Each record should be given again exactly as it appears, with no image included.
#### INPUT DATA
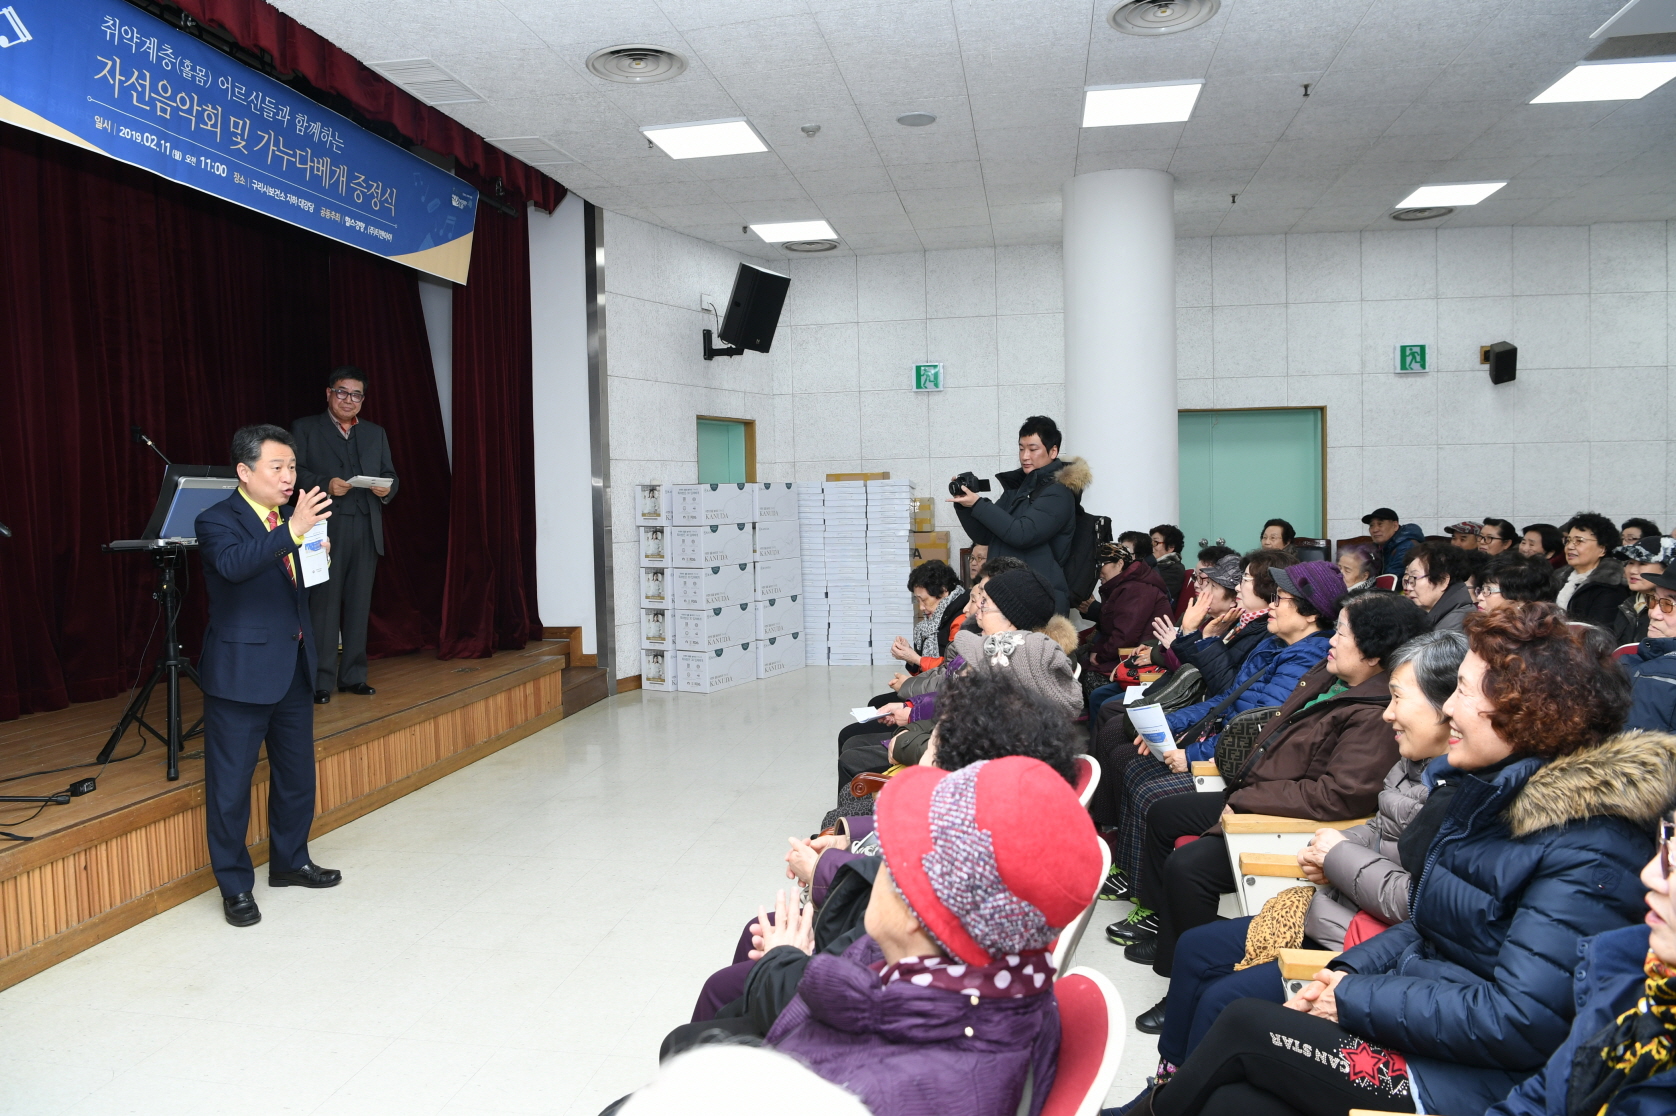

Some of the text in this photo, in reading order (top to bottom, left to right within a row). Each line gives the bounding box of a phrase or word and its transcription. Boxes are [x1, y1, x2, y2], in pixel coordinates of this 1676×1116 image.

[101, 15, 345, 154] 취약계층(홀몸) 어르신들과 함께하는
[94, 55, 397, 217] 자선음악회 및 가누다베개 증정식
[94, 115, 111, 133] 일시
[119, 126, 171, 156] 2019.02.11
[184, 154, 197, 166] 오전
[200, 156, 228, 177] 11:00
[233, 172, 315, 213] 장소 구리시보건소 지하 대강당
[1269, 1031, 1313, 1058] STAR
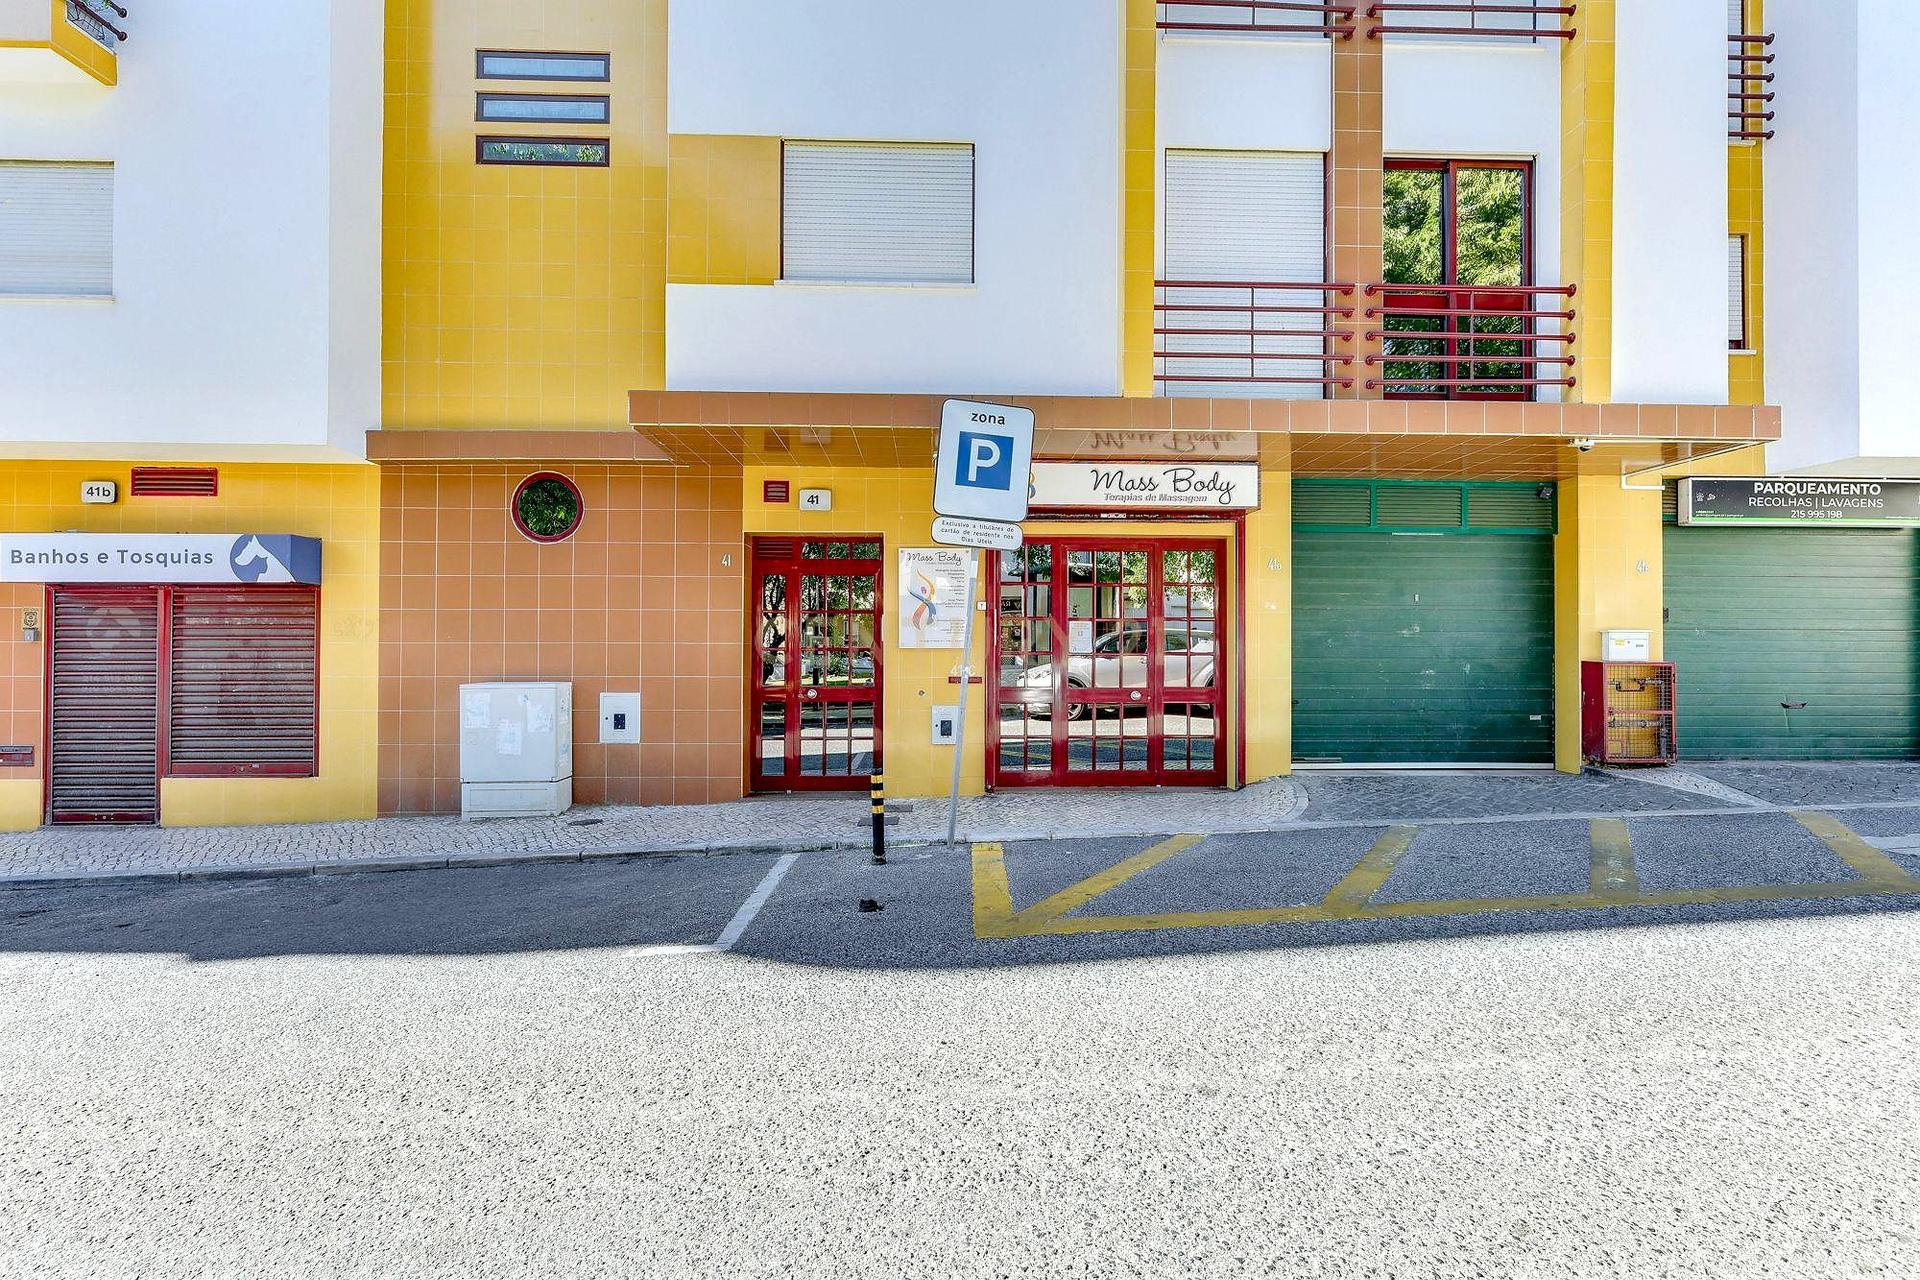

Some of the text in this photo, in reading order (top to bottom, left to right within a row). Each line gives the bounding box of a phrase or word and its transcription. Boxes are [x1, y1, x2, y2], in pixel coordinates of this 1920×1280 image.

[971, 411, 1006, 426] zona
[967, 438, 1001, 482] P
[86, 486, 111, 498] 41b
[1090, 467, 1237, 505] Mass Body
[1753, 482, 1882, 496] PARQUEAMENTO
[807, 495, 819, 505] 41
[1104, 492, 1143, 502] Terapias
[1158, 493, 1208, 503] Massagem
[1748, 497, 1884, 508] RECOLHAS LAVAGENS
[1791, 510, 1843, 519] 215 995 198
[942, 520, 969, 528] Exclusivo
[973, 531, 1001, 539] residente
[10, 549, 214, 568] Banhos e Tosquias
[721, 553, 731, 567] 41
[907, 551, 963, 566] Mass Body
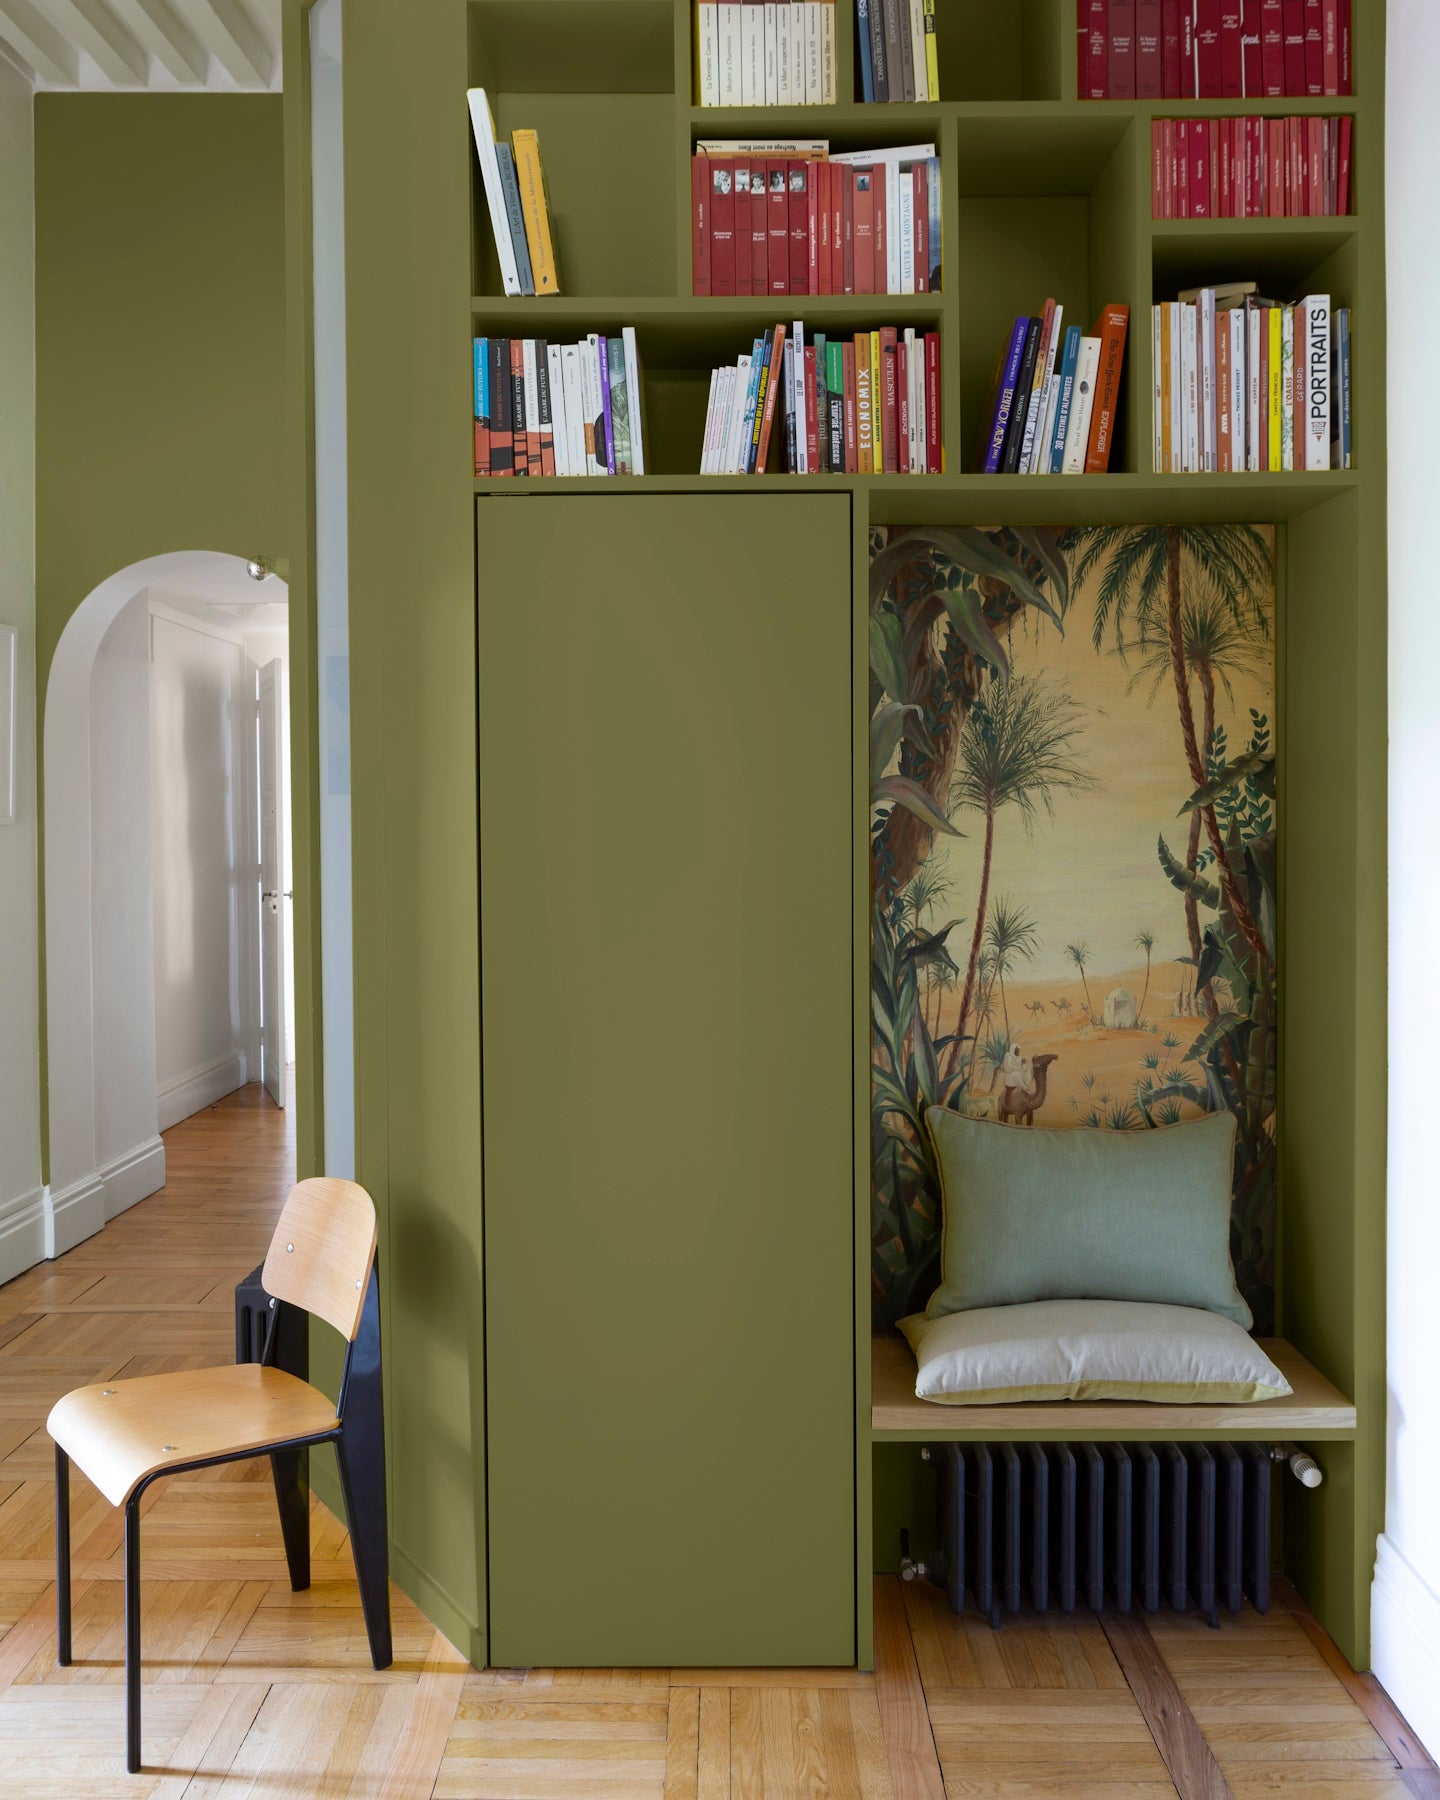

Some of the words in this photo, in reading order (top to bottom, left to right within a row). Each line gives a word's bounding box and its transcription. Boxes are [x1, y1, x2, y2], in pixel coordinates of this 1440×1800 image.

[501, 149, 512, 180] BUREAU
[509, 191, 518, 208] Vivre
[514, 217, 522, 234] L'Art
[904, 238, 911, 246] LA
[538, 241, 546, 269] Voyages
[1311, 309, 1326, 418] PORTRAITS
[759, 366, 768, 397] RÉPUBLIQUE
[886, 358, 894, 405] MASCULIN
[478, 392, 483, 400] DU
[496, 393, 502, 401] DU
[515, 393, 521, 402] DU
[541, 389, 546, 398] DU
[1017, 393, 1025, 414] CHEVAL
[1061, 375, 1073, 414] D'ALPINISTES
[818, 407, 827, 419] jus
[857, 368, 871, 448] ECONOMIX
[997, 387, 1014, 426] YORKER
[818, 422, 828, 439] pur
[1058, 415, 1067, 438] DESTINS
[1097, 410, 1110, 452] EXPLORER
[832, 430, 840, 463] AMÉRICAIN
[993, 427, 1004, 448] NEW
[1055, 440, 1064, 450] 30
########
RESULT
Some of the text in this photo, in reading order (top to bottom, left to right within a row). Each line gives the bounding box of a phrase or word and its transcription. Boxes are [x1, y1, x2, y2], in pixel coordinates of this 1676×1116 image.

[101, 15, 345, 154] 취약계층(홀몸) 어르신들과 함께하는
[94, 55, 397, 217] 자선음악회 및 가누다베개 증정식
[94, 115, 111, 133] 일시
[119, 126, 171, 156] 2019.02.11
[184, 154, 197, 166] 오전
[200, 156, 228, 177] 11:00
[233, 172, 315, 213] 장소 구리시보건소 지하 대강당
[1269, 1031, 1313, 1058] STAR

Some of the text in this photo, in reading order (top to bottom, left to right within a row). Each line gives the bounding box of a phrase or word and its transcription. Boxes are [x1, y1, x2, y2], in pixel coordinates of this 1920×1280 image.

[971, 411, 1006, 426] zona
[967, 438, 1001, 482] P
[86, 486, 111, 498] 41b
[1090, 467, 1237, 505] Mass Body
[1753, 482, 1882, 496] PARQUEAMENTO
[807, 495, 819, 505] 41
[1104, 492, 1143, 502] Terapias
[1158, 493, 1208, 503] Massagem
[1748, 497, 1884, 508] RECOLHAS LAVAGENS
[1791, 510, 1843, 519] 215 995 198
[942, 520, 969, 528] Exclusivo
[973, 531, 1001, 539] residente
[10, 549, 214, 568] Banhos e Tosquias
[721, 553, 731, 567] 41
[907, 551, 963, 566] Mass Body

Some of the words in this photo, in reading order (top to bottom, left to right within a row). Each line gives a word's bounding box and its transcription. Boxes are [x1, y1, x2, y2], in pixel coordinates of this 1440×1800 image.

[501, 149, 512, 180] BUREAU
[509, 191, 518, 208] Vivre
[514, 217, 522, 234] L'Art
[904, 238, 911, 246] LA
[538, 241, 546, 269] Voyages
[1311, 309, 1326, 418] PORTRAITS
[759, 366, 768, 397] RÉPUBLIQUE
[886, 358, 894, 405] MASCULIN
[478, 392, 483, 400] DU
[496, 393, 502, 401] DU
[515, 393, 521, 402] DU
[541, 389, 546, 398] DU
[1017, 393, 1025, 414] CHEVAL
[1061, 375, 1073, 414] D'ALPINISTES
[818, 407, 827, 419] jus
[857, 368, 871, 448] ECONOMIX
[997, 387, 1014, 426] YORKER
[818, 422, 828, 439] pur
[1058, 415, 1067, 438] DESTINS
[1097, 410, 1110, 452] EXPLORER
[832, 430, 840, 463] AMÉRICAIN
[993, 427, 1004, 448] NEW
[1055, 440, 1064, 450] 30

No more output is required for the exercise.